Exceptions only highlight the grim rule. Nobel Prize-winning scientist Cesar Mistein, in an act of courageous defiance, recently refused to patent a major discovery expected to produce a billion-dollar market: "A patent would have meant keeping everything secret while we thought about applications--an outrageous insult to science. Patents are an intellectual swindle." Sadly, few scientists or universities share his perception.

Corporate Touts at the B-School

While it's hardly surprising that corporate influence is rampant at the Business School, the sheer strength of the bond is striking. Trumpbour notes that the school "produces the field marshals--and the field manuals--that guide finance and industry." Twenty-seven of the Fortune 500 companies have a HBS faculty member on their boards, nearly four times the number of directorships held by the next-most influential faculty. With direct participation, paid advice, and publications, the faculty strongly influences the corporate world; business returns the favor through the immense contribution of consulting to professor incomes, and through the effects this dependency has on research results. Required to disclose his personal finances in 1989 before joining the Bush Administration, finance professor Robert R. Glauber provided a glimpse of the size of consulting fees: Glauber's non-investment income in 1988 was $874,445, including $515,750 in consulting fees and a scant $120,000 in Harvard salary.

Paid advice and research is a P.R. bonanza for corporations: "Professors who are funded by industries like the tobacco industry have money to travel to conferences, to do research, to get it published, and the industries make sure views friendly to them get circulated," notes Richard Pollay, a marketing professor at the University of British Columbia. "Views that aren't friendly to industry don't get funded." Substantial recent evidence supports Pollay's contention, including the $3.5 million dished out in one year by AT&T for research and testimony to professors across the country. By depending on the very topic of study for funding, business schools make sure that no critical scholarship will be able to filter through.

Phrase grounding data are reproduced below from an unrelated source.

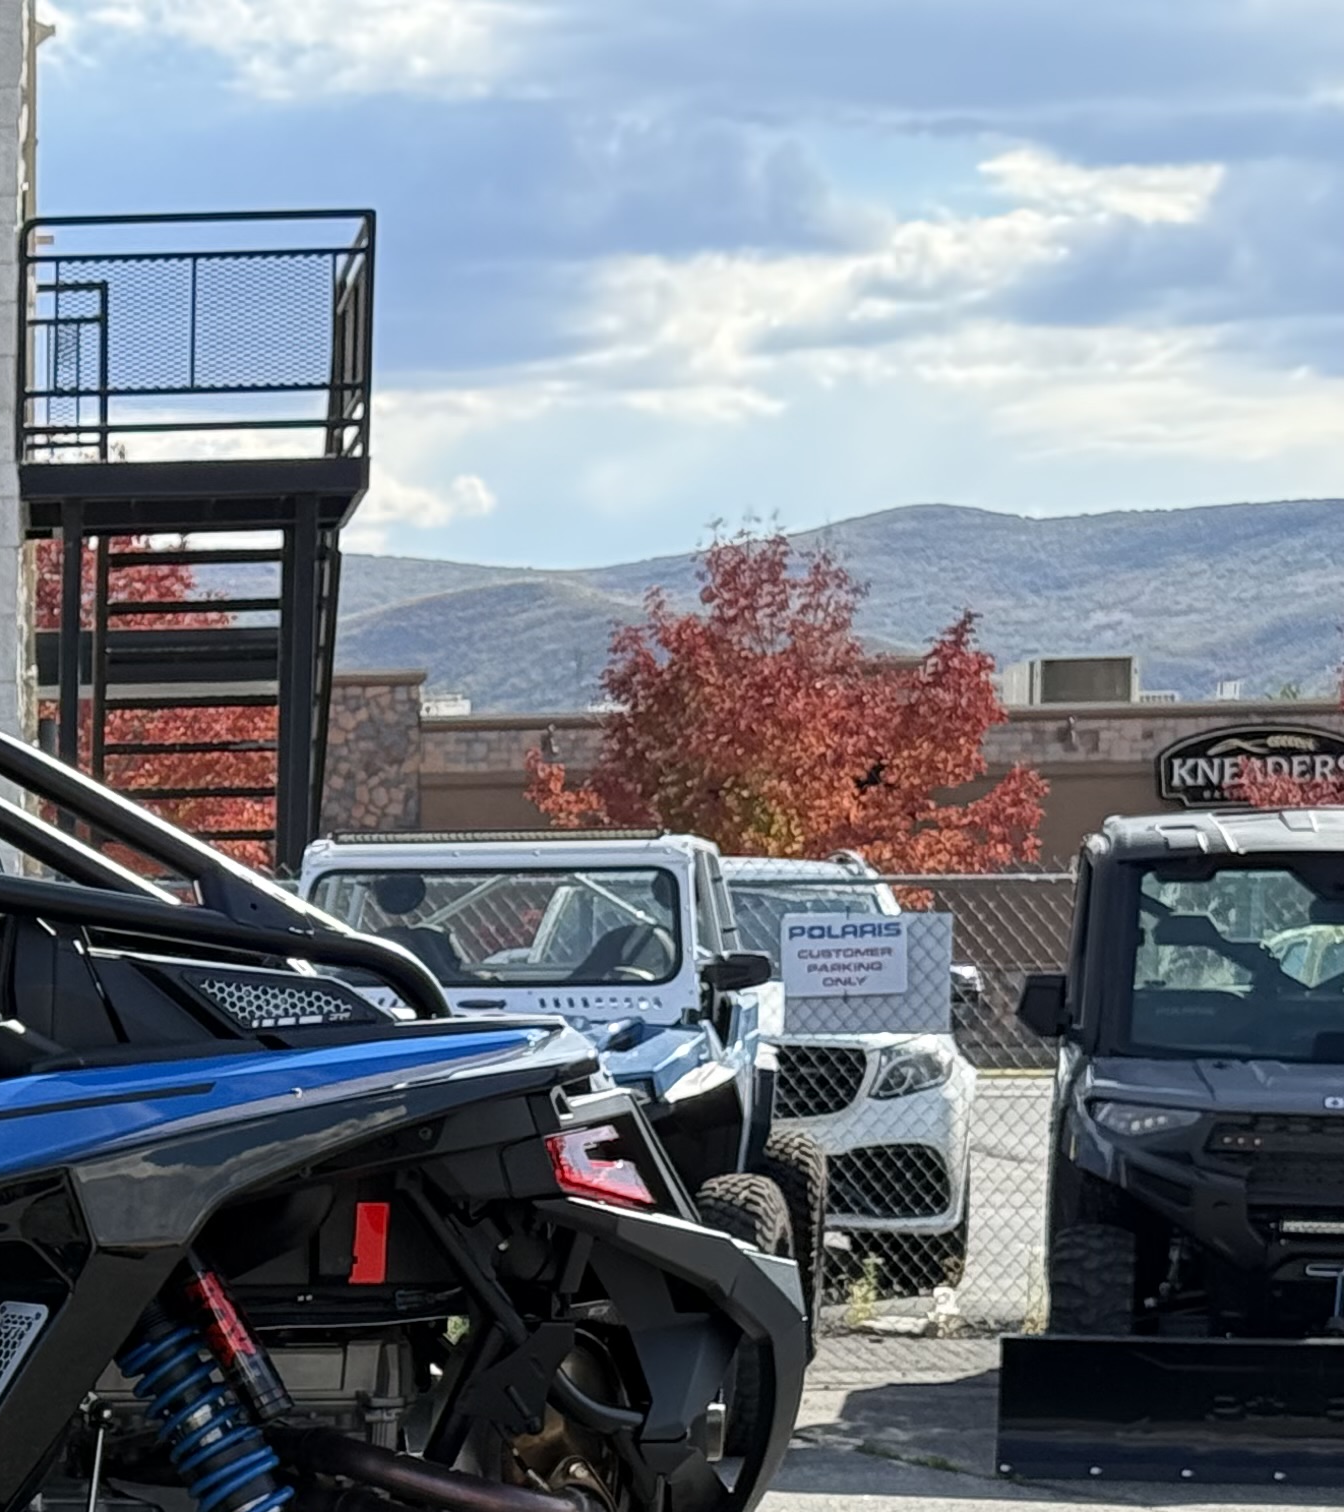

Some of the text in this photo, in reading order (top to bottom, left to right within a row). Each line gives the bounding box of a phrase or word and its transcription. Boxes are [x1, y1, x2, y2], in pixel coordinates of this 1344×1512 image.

[788, 922, 902, 940] POLARIS
[797, 947, 893, 960] CUSTOMER
[807, 961, 883, 974] PARKING
[822, 975, 867, 987] ONLY
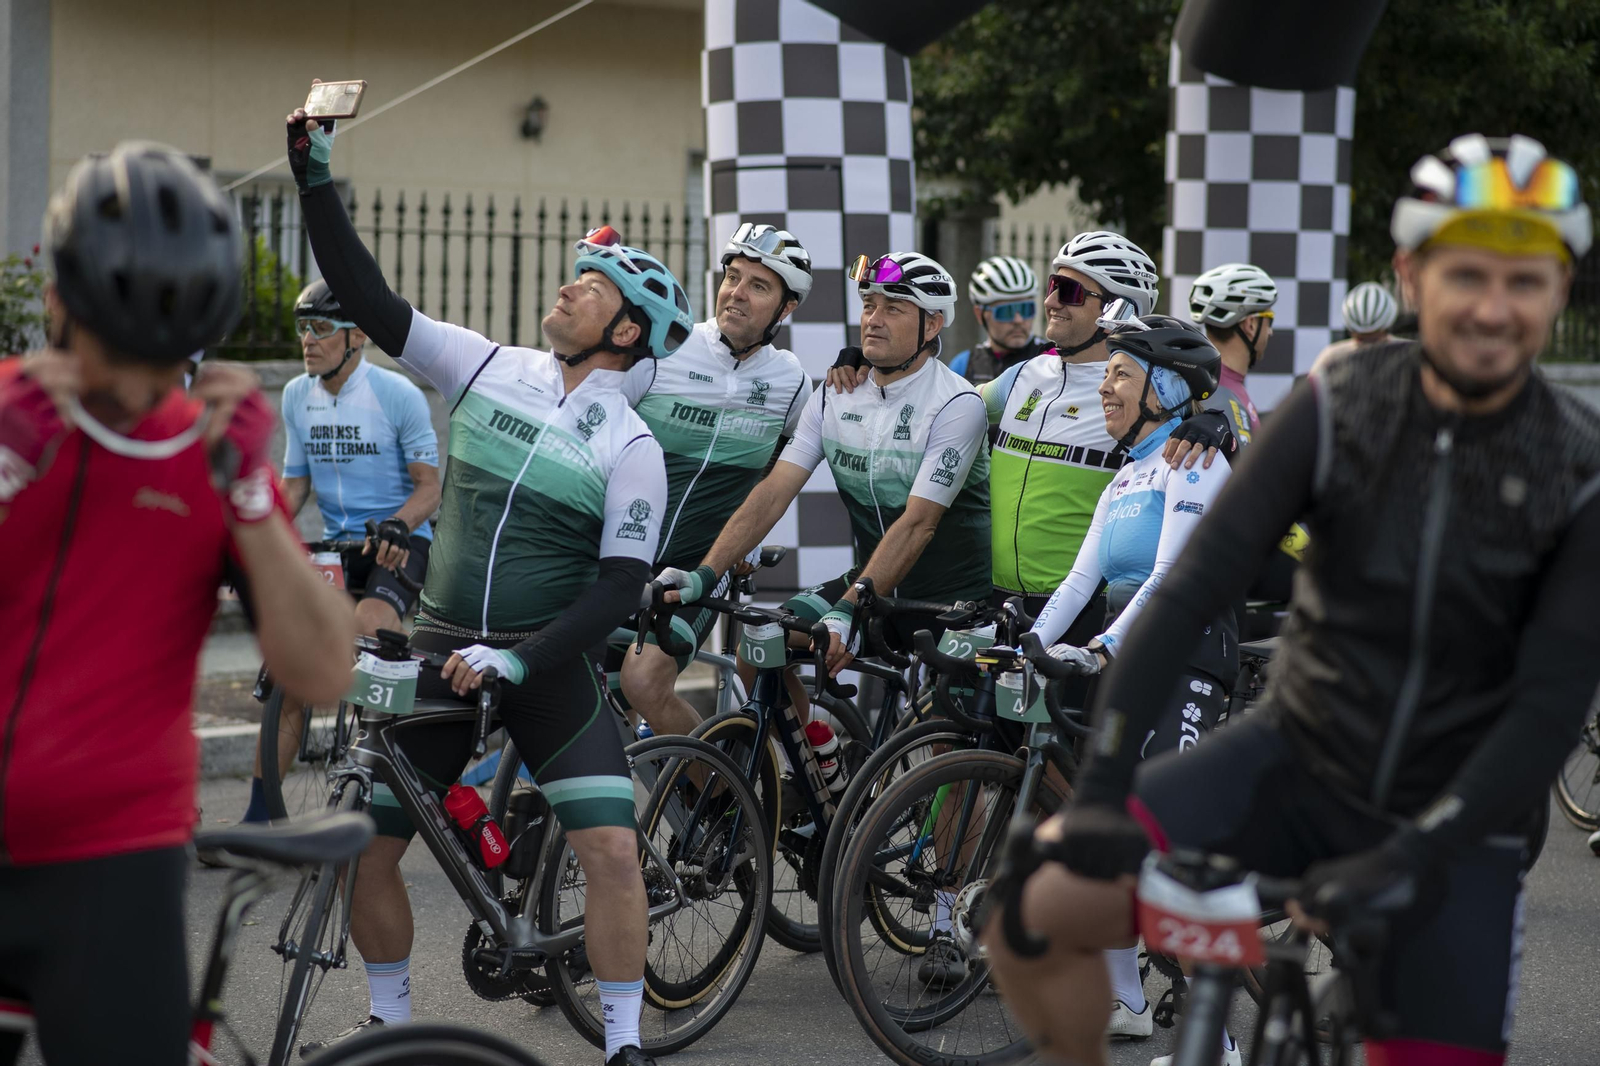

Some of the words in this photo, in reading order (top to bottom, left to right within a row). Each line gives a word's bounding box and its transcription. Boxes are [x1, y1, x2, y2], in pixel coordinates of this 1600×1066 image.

[670, 401, 718, 428] TOTAL
[488, 408, 541, 446] TOTAL
[721, 415, 770, 437] SPORT
[335, 443, 381, 456] TERMAL
[1007, 436, 1034, 453] TOTAL
[1033, 443, 1068, 458] SPORT
[832, 448, 869, 473] TOTAL
[931, 474, 953, 487] SPORT
[934, 467, 956, 480] TOTAL
[617, 529, 647, 541] SPORT
[621, 522, 647, 534] TOTAL
[745, 642, 766, 664] 10
[945, 639, 973, 659] 22
[366, 683, 394, 708] 31
[783, 704, 837, 826] TREK
[393, 742, 508, 932] ORBEA
[1157, 917, 1244, 962] 224
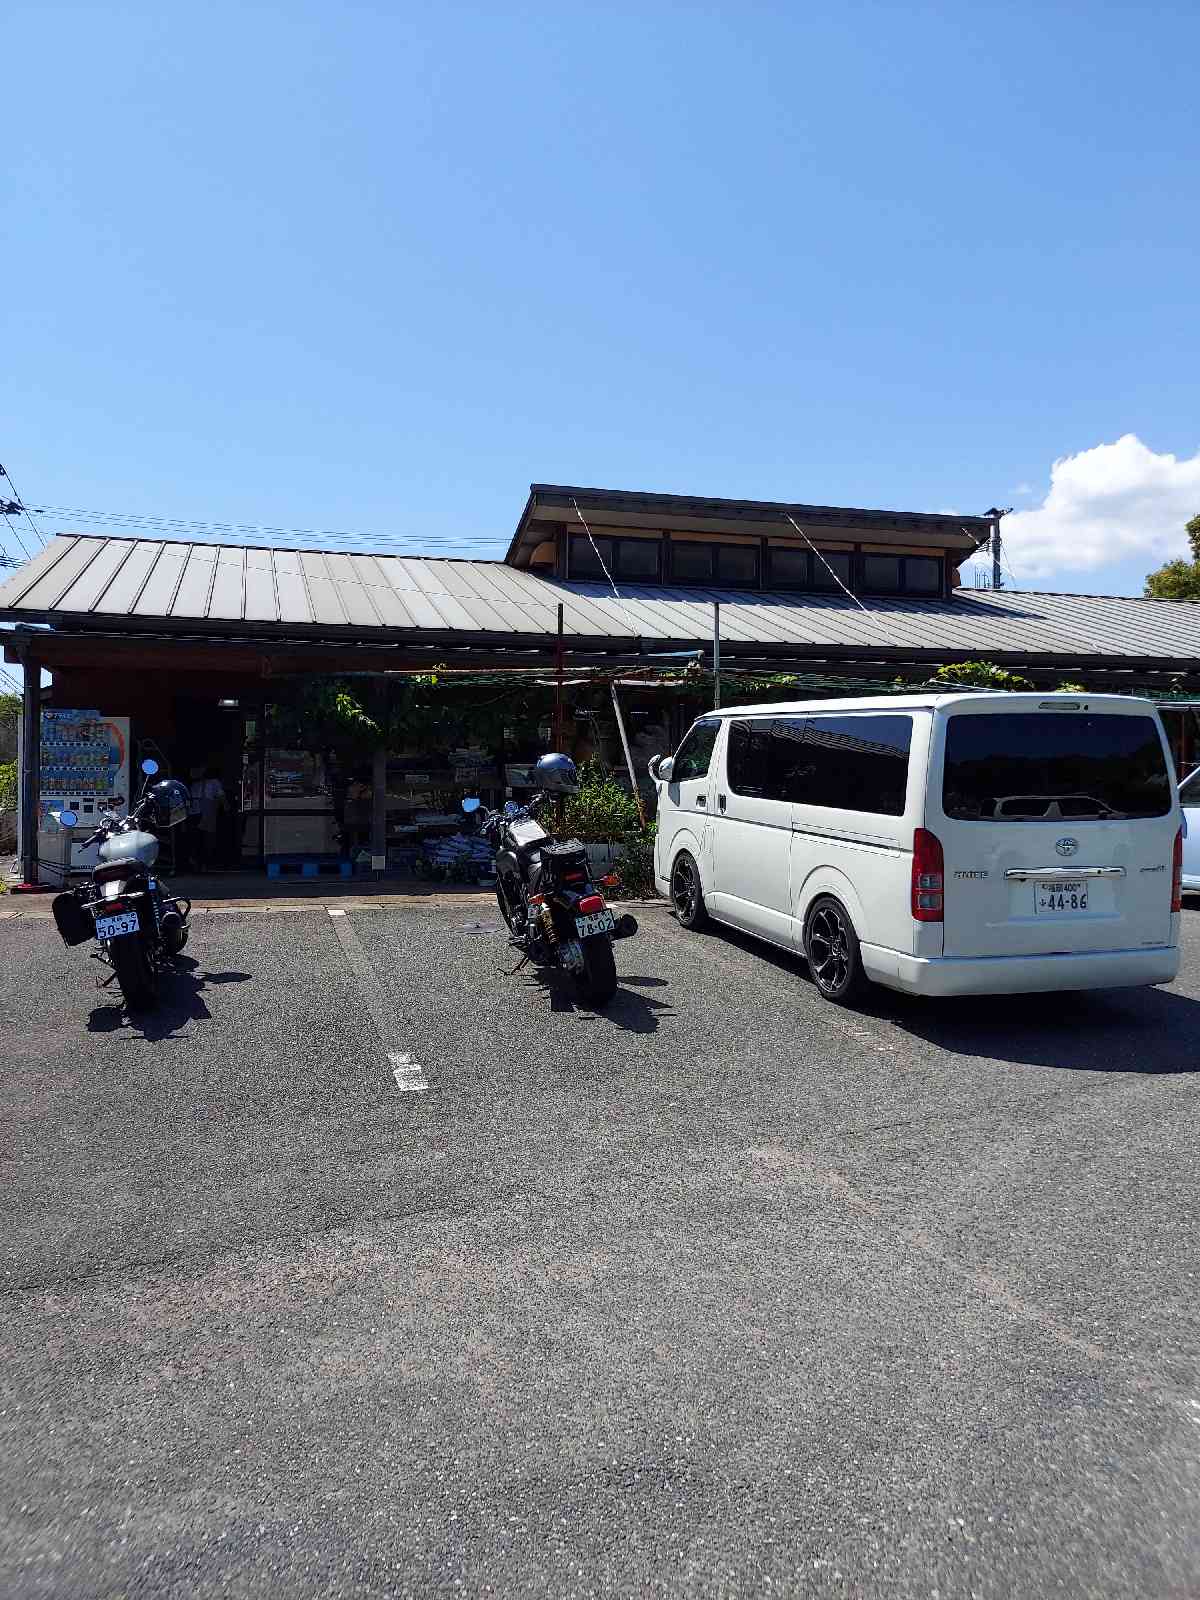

Whither Harvard? More of the Same

An institution with a mammoth $6 billion portfolio and whose two governing bodies are increasingly made up of representatives of corporate America can hardly be expected to shake the pillars of capitalism. Although the university likes to distance itself symbolically from of corporate attachment (e.g, instead of being the Polaroid Center, the Science Center is built in the shape of a camera), Harvard's efforts are contradicted by moves like actively opposing unionization efforts by the Harvard Union of Clerical and Technical Workers. Harvard, in typical fashion, opposed a shareholder resolution requesting American Cyanamid's public disclosure of potential chemical hazards in the wake of a major disaster in India. The university owned $8.5 million in stock at the time. As Trumpbour writes, "When it came time to support a mild proposal designed to inform workers of the chemicals at their workplace, Harvard's vaunted commitment to humanism and the free marketplace of ideas suddenly did not apply."

Chase Peterson, the College's former Dean of Admissions, emphasizes that he believes in "what the students are calling our monstrous corporate state, because it keeps America alive and the colleges should be turning out students who can staff it." Peterson's comments are only startling in their honesty, but there's little doubt that Harvard has fulfilled his goal. Harvard has been a widely recognized training center for elites and their lackeys. Many alums' unflinching and devoted service in the CIA and State Department has ensured that nothing (like Third World democracy) gets in the way of the American system and favorable business climates. When the next wave of investment bankers, corporate executives, foreign servants, journalists, and politicians graduates this year, Harvard will likely remain cheerfully complicit in upholding the status quo.